▶ _Your goal_: Every record below should be retyped exactly, and no picture should appear in the copy.

▶ _Available records_:
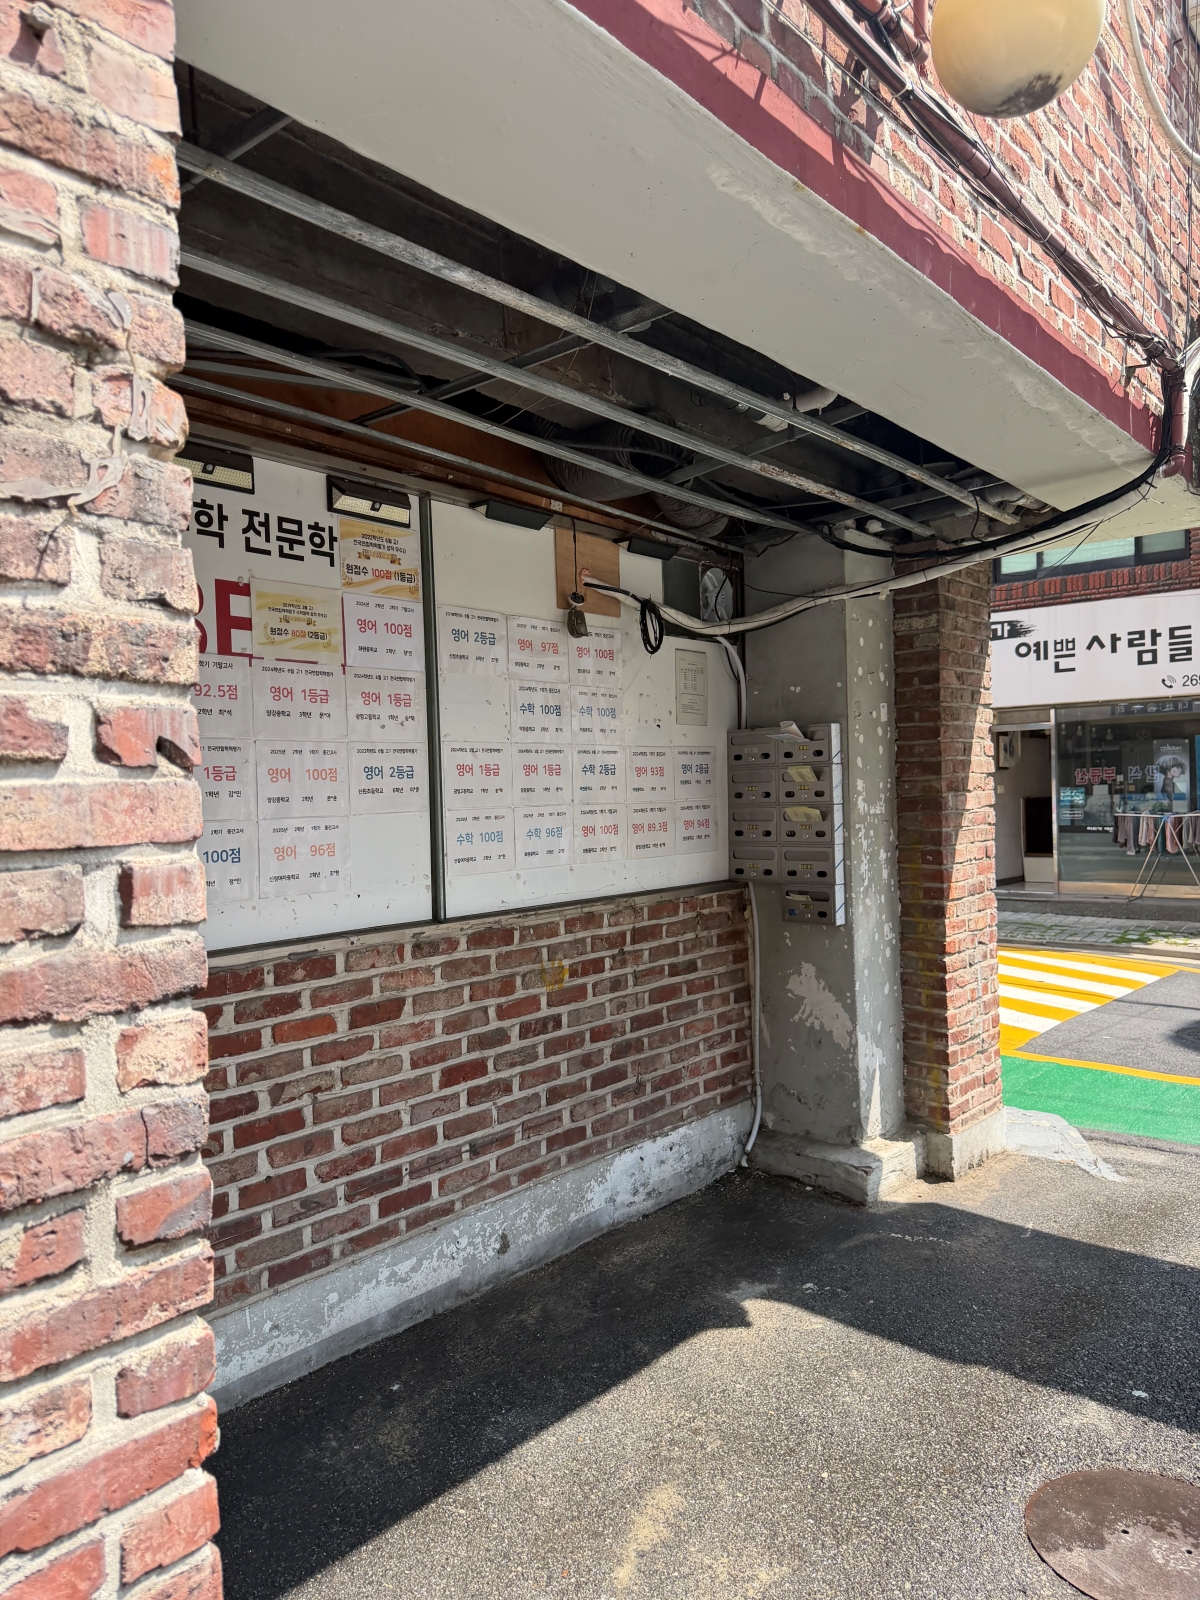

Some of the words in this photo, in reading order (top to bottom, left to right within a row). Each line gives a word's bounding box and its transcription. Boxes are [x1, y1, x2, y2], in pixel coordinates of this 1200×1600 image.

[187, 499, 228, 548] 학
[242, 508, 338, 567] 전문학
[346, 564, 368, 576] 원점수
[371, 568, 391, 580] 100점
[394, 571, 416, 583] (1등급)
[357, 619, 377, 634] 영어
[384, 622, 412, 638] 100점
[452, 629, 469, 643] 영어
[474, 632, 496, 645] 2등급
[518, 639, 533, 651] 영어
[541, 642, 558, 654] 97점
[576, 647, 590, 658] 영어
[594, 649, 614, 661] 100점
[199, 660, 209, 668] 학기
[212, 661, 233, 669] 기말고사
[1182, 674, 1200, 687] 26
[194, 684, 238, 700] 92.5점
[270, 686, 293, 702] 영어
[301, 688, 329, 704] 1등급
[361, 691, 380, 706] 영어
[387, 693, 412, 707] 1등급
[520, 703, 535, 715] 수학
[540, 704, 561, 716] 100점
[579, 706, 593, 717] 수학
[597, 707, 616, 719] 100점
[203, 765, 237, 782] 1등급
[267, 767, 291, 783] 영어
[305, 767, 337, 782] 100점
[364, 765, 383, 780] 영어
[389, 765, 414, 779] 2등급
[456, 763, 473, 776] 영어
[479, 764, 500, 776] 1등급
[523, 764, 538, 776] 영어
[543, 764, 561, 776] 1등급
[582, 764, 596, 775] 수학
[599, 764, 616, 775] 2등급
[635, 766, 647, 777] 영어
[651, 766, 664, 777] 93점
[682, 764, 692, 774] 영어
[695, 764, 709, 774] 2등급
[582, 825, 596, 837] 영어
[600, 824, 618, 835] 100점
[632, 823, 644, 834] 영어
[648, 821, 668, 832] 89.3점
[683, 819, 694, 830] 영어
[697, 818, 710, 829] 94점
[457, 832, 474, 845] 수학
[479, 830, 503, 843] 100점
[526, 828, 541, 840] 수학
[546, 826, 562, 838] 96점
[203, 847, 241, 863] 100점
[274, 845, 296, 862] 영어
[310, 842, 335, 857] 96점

▶ _Solved exercise_:
Some of the words in this photo, in reading order (top to bottom, left to right within a row). Each line gives a word's bounding box and its transcription. Boxes are [x1, y1, x2, y2], in pixel coordinates of this 1200×1600 image.

[187, 499, 228, 548] 학
[242, 508, 338, 567] 전문학
[346, 564, 368, 576] 원점수
[371, 568, 391, 580] 100점
[394, 571, 416, 583] (1등급)
[357, 619, 377, 634] 영어
[384, 622, 412, 638] 100점
[452, 629, 469, 643] 영어
[474, 632, 496, 645] 2등급
[518, 639, 533, 651] 영어
[541, 642, 558, 654] 97점
[576, 647, 590, 658] 영어
[594, 649, 614, 661] 100점
[199, 660, 209, 668] 학기
[212, 661, 233, 669] 기말고사
[1182, 674, 1200, 687] 26
[194, 684, 238, 700] 92.5점
[270, 686, 293, 702] 영어
[301, 688, 329, 704] 1등급
[361, 691, 380, 706] 영어
[387, 693, 412, 707] 1등급
[520, 703, 535, 715] 수학
[540, 704, 561, 716] 100점
[579, 706, 593, 717] 수학
[597, 707, 616, 719] 100점
[203, 765, 237, 782] 1등급
[267, 767, 291, 783] 영어
[305, 767, 337, 782] 100점
[364, 765, 383, 780] 영어
[389, 765, 414, 779] 2등급
[456, 763, 473, 776] 영어
[479, 764, 500, 776] 1등급
[523, 764, 538, 776] 영어
[543, 764, 561, 776] 1등급
[582, 764, 596, 775] 수학
[599, 764, 616, 775] 2등급
[635, 766, 647, 777] 영어
[651, 766, 664, 777] 93점
[682, 764, 692, 774] 영어
[695, 764, 709, 774] 2등급
[582, 825, 596, 837] 영어
[600, 824, 618, 835] 100점
[632, 823, 644, 834] 영어
[648, 821, 668, 832] 89.3점
[683, 819, 694, 830] 영어
[697, 818, 710, 829] 94점
[457, 832, 474, 845] 수학
[479, 830, 503, 843] 100점
[526, 828, 541, 840] 수학
[546, 826, 562, 838] 96점
[203, 847, 241, 863] 100점
[274, 845, 296, 862] 영어
[310, 842, 335, 857] 96점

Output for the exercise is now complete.